Gestern eine hochangenehme Heimfahrt mit viel Brown & Yule & Schokolade. Entspannt und zum ersten Mal seit Tagen wieder sehr ruhig. Gesammelt und bei mir selbst. Das Abteil ist ganz ruhig, halb leer, und es ist dieser Klang überall von Einsamkeit und Spätheit und ungewohnter Stunde. Die wenigen Blicke, die mir begegnen, sind willkommen als Gleichgesinnte, als Gefährten des Einsamen. Es ist seht still zwischen den Inseln, viel Raum, den man mit Lächeln füllen könnte, aber man muß es nicht. Lesen, aufblicken, wieder in die Komplexitäten des Buchs sinken. Meist aber belausche ich mich selbst, zu Gast im Haus meiner eigenen Träume. Doch kann ich sie nicht genau erkennen, sie gehen verhüllt, sie wenden den Blick ab. Immerhin bin ich willkommen, willkommen bei meinen Träumen. Das ist schön. Draußen heimeliges Schwarz mit Innenraumgespiegel in der Scheibe. Manchmal glitzernde Balken von Scheinwerfern auf dem sonst schwarz in schwarz nicht zu erahnenden Riesenfluß, der da draußen irgendwo träge, selbstvergessen und wie je einherströmt. Es fühlt sich gut an, so getragen zu werden, im Warmen durch eine eisige Nacht.
Viel später dann geht der Schlüssel. Im Flur brennt Licht.
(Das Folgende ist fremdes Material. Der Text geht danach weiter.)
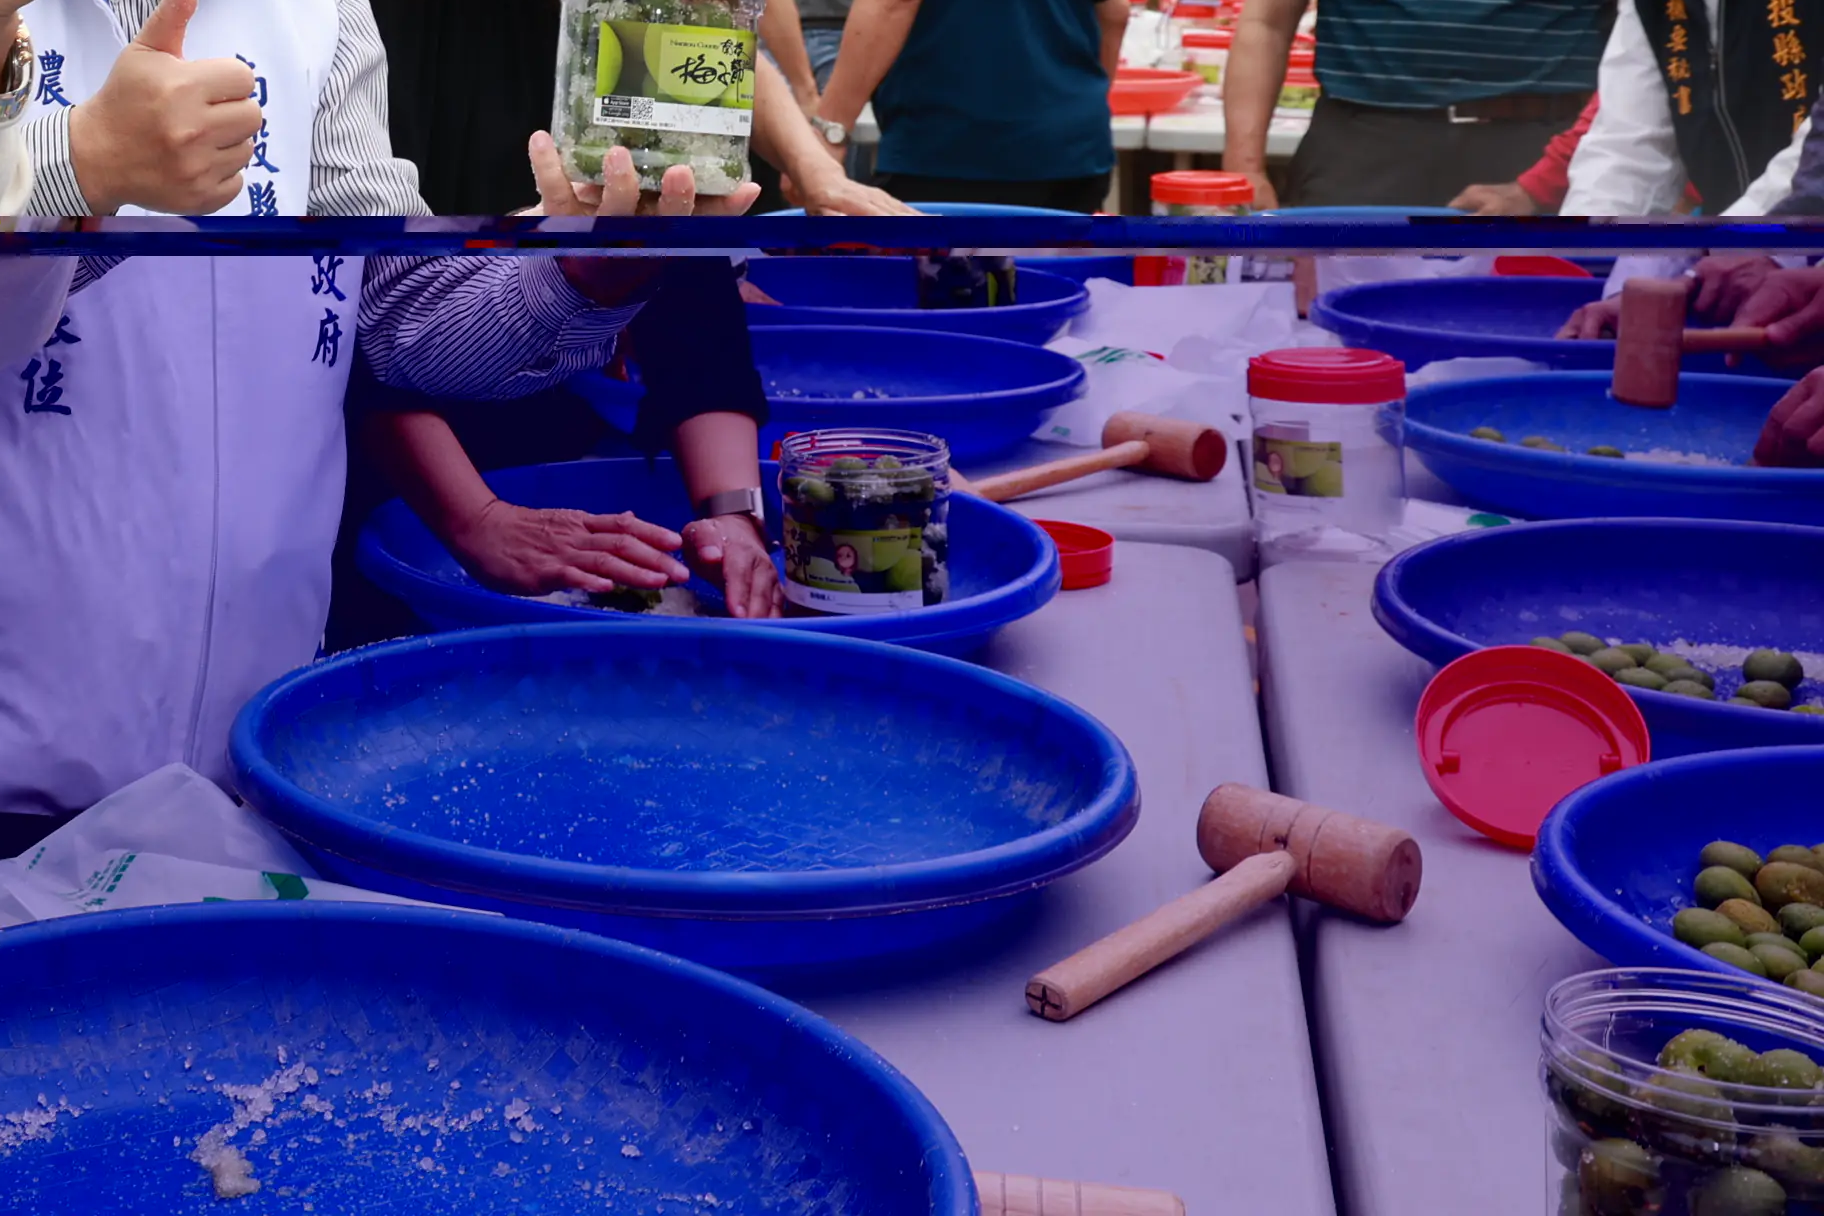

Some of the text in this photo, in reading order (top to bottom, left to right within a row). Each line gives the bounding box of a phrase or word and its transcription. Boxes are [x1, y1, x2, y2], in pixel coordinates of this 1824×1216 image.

[35, 49, 72, 106] 農
[671, 53, 745, 103] 梅子節
In der Küche macht sich jemand Suppe warm. Die Wohnung lebt und empfängt mich. Jetzt bin ich also wieder hier. Zurück aus der ferne. Zurück in der Nähe. Augennah und Rufnah, beinahe.

Fremdwörter, die die Welt nicht braucht

Genethliokryopodie, die. med. Fw. bezeichnet den Vorgang, angesichts herannahenden Geburtstages kalte Füße zu bekommen. Besonders oft tritt die G. im Zusammenhang elterlichen Besuchs (s. Goneoepiskope) auf. Linderung wird oft bei Einladung von Freunden (s. Philepiskope) beobachtet. Da die G. im allgemeinen harmlos verläuft und eine Besserung meist schon wenige Stunden nach dem Geburtstag (s. Metagenethlie) von selbst eintritt, ist eine Behandlung überflüssig, wird aber von den Betroffenen als angenehm empfunden und bei starken Beschwerden gerne in Anspruch genommen. Aufgrund ihrer unspezifischen Symptome ist die G. leicht mit der sogenannten s. Exetasiokryopodie zu verwechseln; welche Art der Kryopodie jeweils vorliegt, kann aber leicht aufgrund der eindeutigen Ätiologie festgestellt werden.

anhänglich
anhängen
an dir hängen
aber nicht
von dir ab hängen
und auch nicht
ver hängen
zu hängen
weg hängen
was noch wo
fest hängt
oder
auf hängen
(höchstens blicke
ins
fenster)
und nicht
mir oder dir
was an hängen
lieber
sich ein lächeln
um hängen
anhänglich
miteinander
rumhängen und
zusammen hängen
und solche stiften

Noch einmal DB

… Qui non moderabitur irae,
infectum uolet esse, dolor quod suaserit et mens,
dum poenas odio per uim festinat inulto.
Ira furor breuis est; …

Andertalbseitigen zerknirschten, überhöflichen, reumütigen Entschuldigungsbrief erhalten. Von wem? Es ist wirklich wahr: Von der Deutschen Bundesbahn. „Verhalten des Mitarbeiters unakzeptabel“, blabla, „Nachschulung bei manchen erforderlich“, blabla, „Umwandlung von einer Behörde in einen Dienstleister langsam und schwierig“, blabla, „hoffentlich jetzt nicht auf die DB verzichten“, blabla, „die meisten Mitarbeiter doch wohl freundlich“, blabla etc. pp.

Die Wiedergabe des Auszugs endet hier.